[Opening Exercise input section]
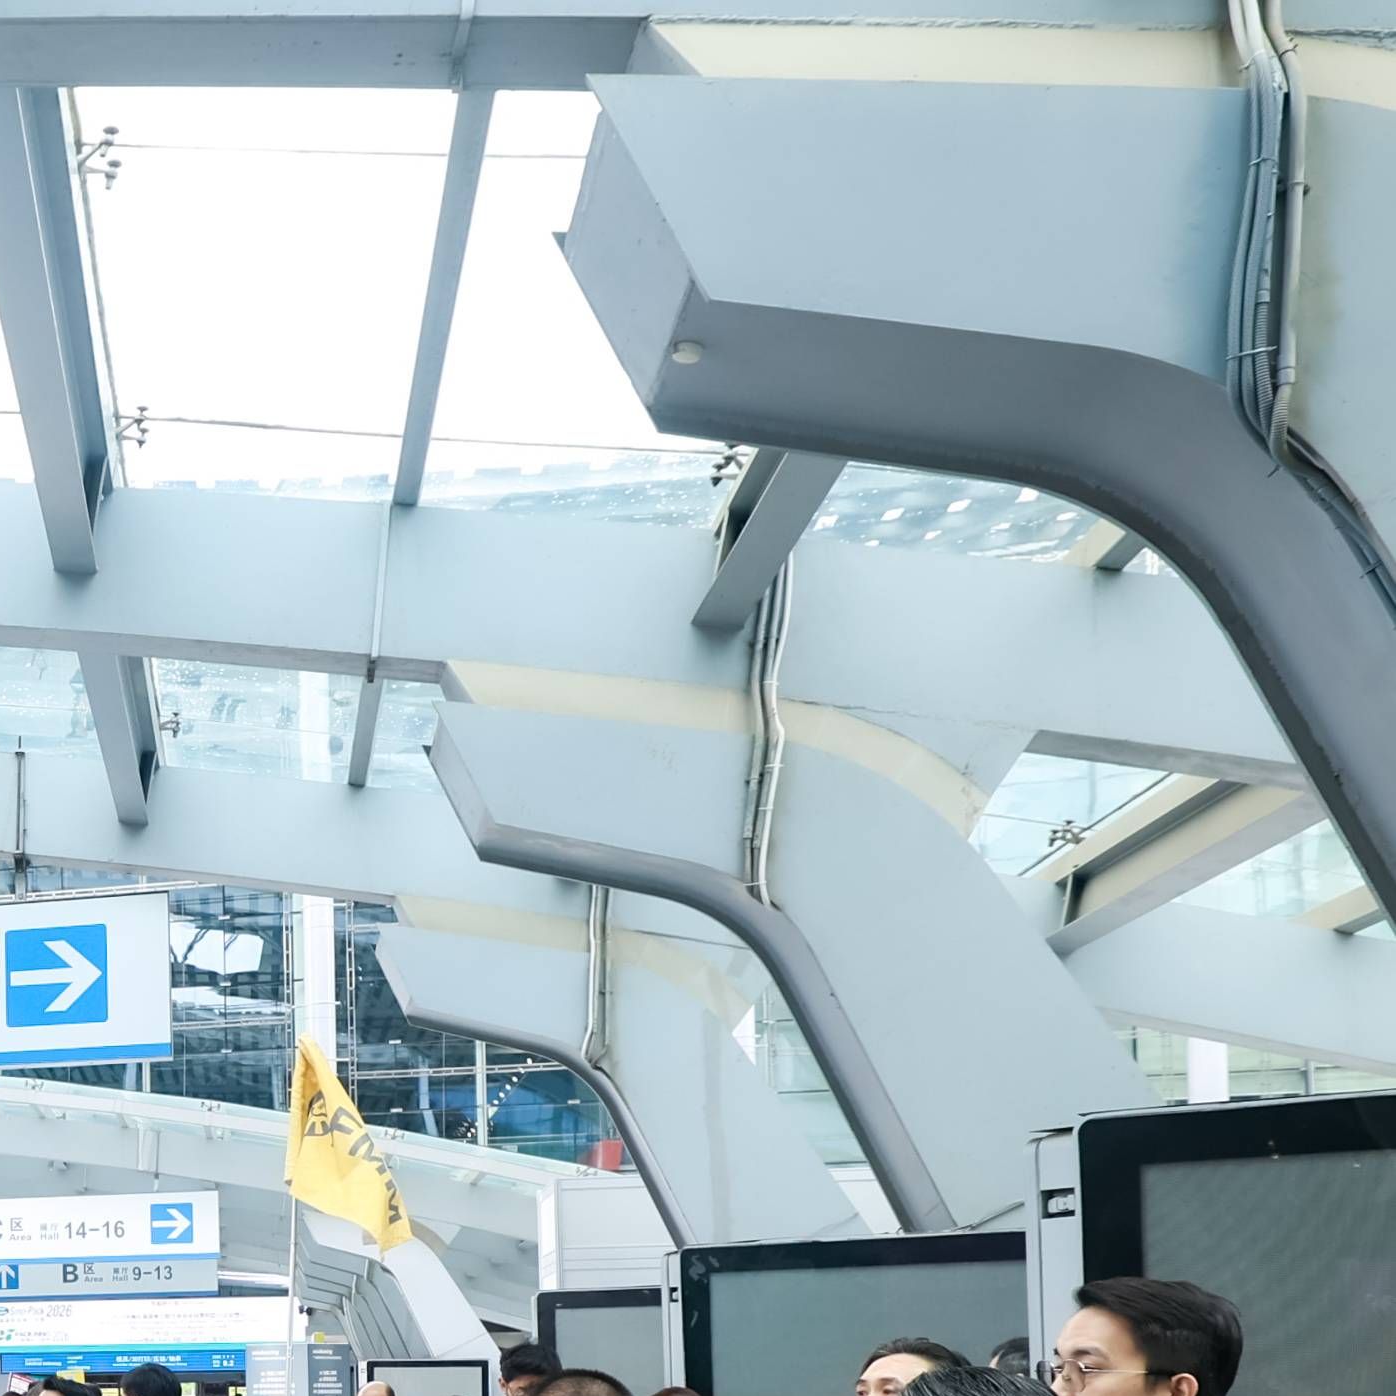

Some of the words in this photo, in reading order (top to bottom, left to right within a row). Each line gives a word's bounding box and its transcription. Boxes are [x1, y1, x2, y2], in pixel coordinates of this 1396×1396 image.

[10, 1217, 23, 1231] 区
[64, 1220, 126, 1239] 14-16
[8, 1232, 32, 1241] Area
[39, 1232, 59, 1241] Hall
[62, 1263, 79, 1283] B
[112, 1274, 129, 1282] Hall
[132, 1265, 173, 1281] 9-13
[83, 1275, 104, 1283] Area
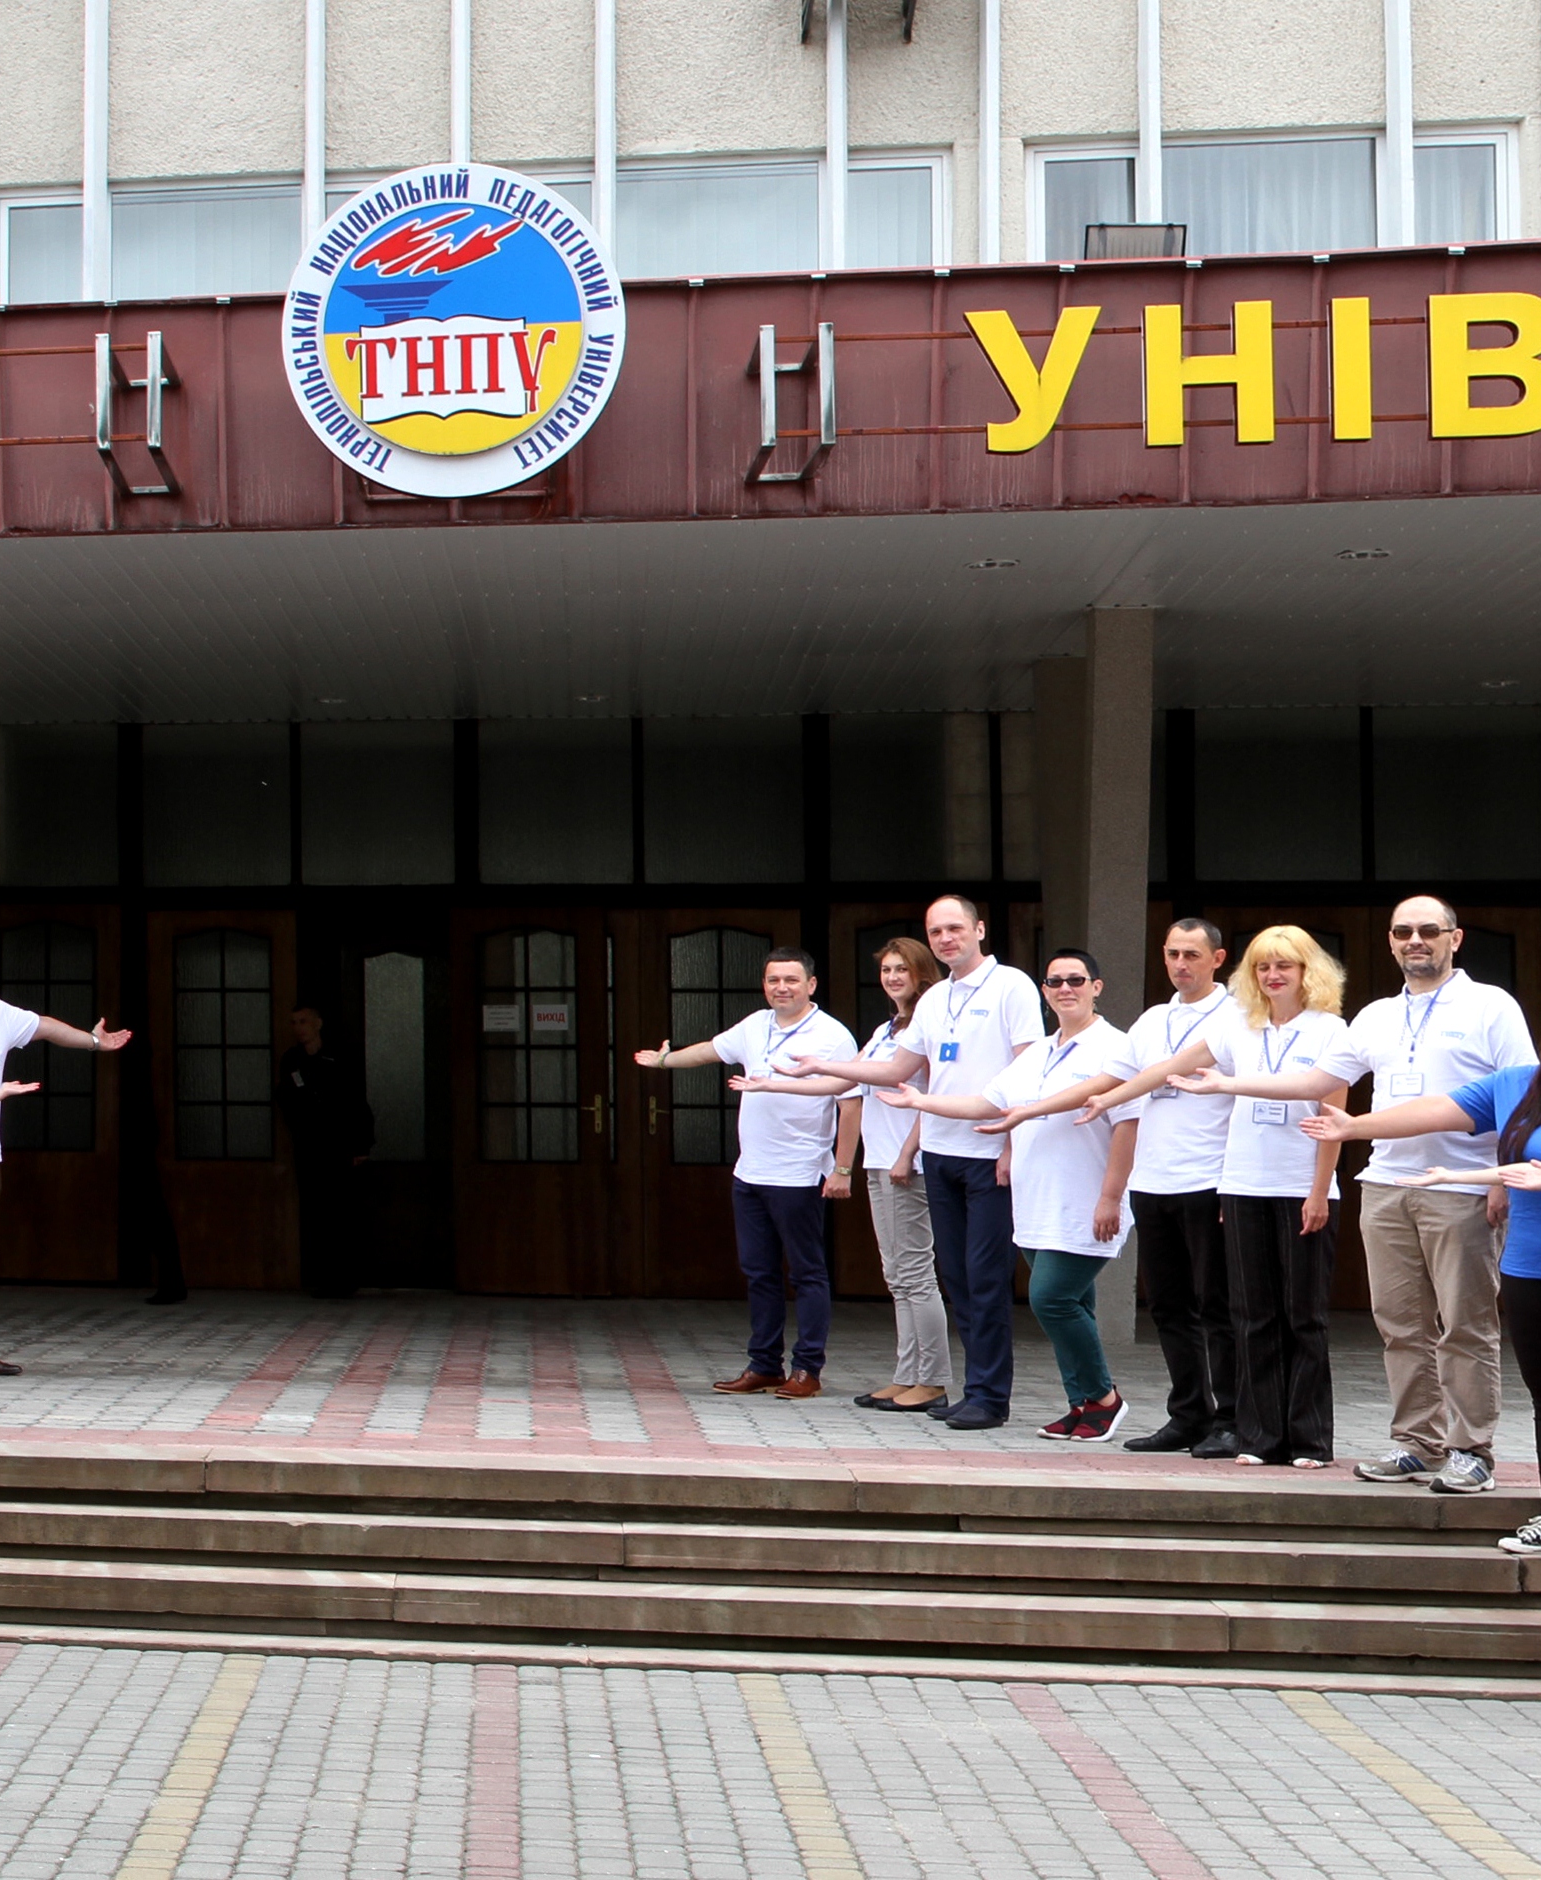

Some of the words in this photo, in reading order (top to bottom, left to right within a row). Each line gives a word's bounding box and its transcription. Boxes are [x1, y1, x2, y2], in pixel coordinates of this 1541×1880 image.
[Closing Exercise input section]
# Problem
The required output is each line above restated verbatim, with all images omitted.

# Output
Some of the words in this photo, in reading order (top to bottom, left to right within a row). Each line gives a word's bounding box and its transcription. Boxes are [x1, y1, x2, y2], in pixel coordinates of this 1396×1396 image.

[10, 1217, 23, 1231] 区
[64, 1220, 126, 1239] 14-16
[8, 1232, 32, 1241] Area
[39, 1232, 59, 1241] Hall
[62, 1263, 79, 1283] B
[112, 1274, 129, 1282] Hall
[132, 1265, 173, 1281] 9-13
[83, 1275, 104, 1283] Area

Some of the words in this photo, in reading order (top to bottom, left to right within a row). Each line gives a word's bounding box and its transcription. Boxes are [x1, y1, x2, y2], in pixel coordinates of this 1541×1880 image.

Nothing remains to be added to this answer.